The UK Secretary of State for Environment, Chef Gordon Ramsey and the plastic industry were grilled on TV about how they could reduce plastic waste. Pictures of a sea turtle with a straw in its nostril influenced restaurants to ditch plastic straws and they will be banned at Wimbledon.
But practically speaking, single-use plastic is ubiquitous and our food service and retail industries rely on plastic to deliver food and drink to consumers in a safe, practical way – until real alternatives are available, plastic is here to stay.
Enter innovation and new product development. Innovation is a risky business because our system 1 minds are pattern recognition machines and we are highly sensitive to loss. We are biased towards the familiar, in this case, plastic. As outraged as we are, changing our behaviour and giving up plastic is hard work.
System1 looked at 5 new products that have been launched or are soon to launch, all designed to reduce single-use plastic. We tested these with 500 UK consumers using our Next Generation Predictive Markets:
- Cup Club, a reusable cup service
- Trio Cup, a one-piece cup with no plastic lid
- Ocean friendly rings, edible multipack ring for cans
- Just Eat Sachets, edible, biodegradable sauce sachets
- MIWA, online groceries delivered without single-use packaging
What we found confirmed our fears – 3 were wasteful 1-star concepts – predicted to underperform in market. One idea, MIWA had was a 2-star idea and so would do slightly better than average. The winning idea was Ocean friendly rings from Saltwater Brewery – a solid 3 star idea predicted to sell 50% better than an average product launch if launched in the UK. The idea generated high levels of happiness and most people said they would buy shares in the idea in our predictive market.
The building blocks of any successful new product, however, are feeling and fluency. All of the ideas we tested fell short on fluency.

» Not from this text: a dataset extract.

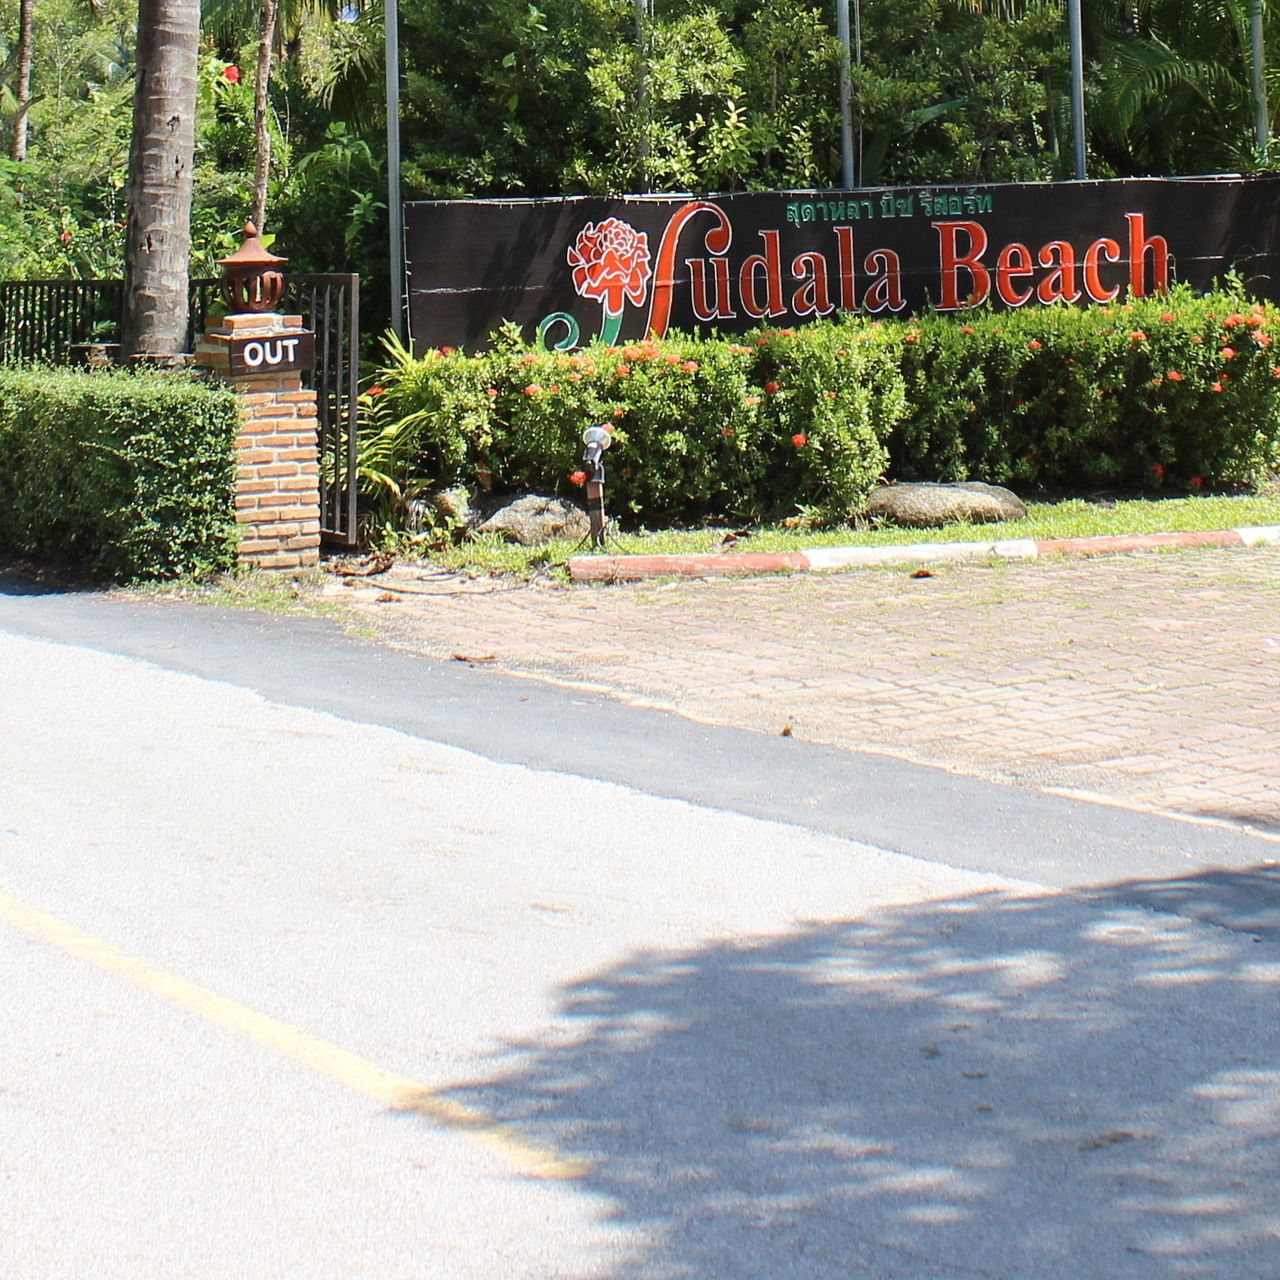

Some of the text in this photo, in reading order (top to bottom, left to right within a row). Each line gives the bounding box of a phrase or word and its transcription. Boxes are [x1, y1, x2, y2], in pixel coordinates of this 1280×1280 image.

[786, 200, 874, 229] สุดาหลา
[930, 211, 1170, 312] Beach
[243, 338, 299, 367] OUT

Fluency is the ease with which people cognitively process stimulus – the faster people process an idea, the more likely they are to buy it. While people are emotionally engaged with reducing plastic, they still struggle to process the alternatives. Work needs to be done to make choosing alternatives easier. This will come over time as public perceptions around plastic and litter change. Campaigns such as Clean Up Britain’s “Litter kills” campaign, (produced by System1 Agency) will nudge people to change, but new product and packaging developers need to help consumers by making alternatives to plastic more fluent.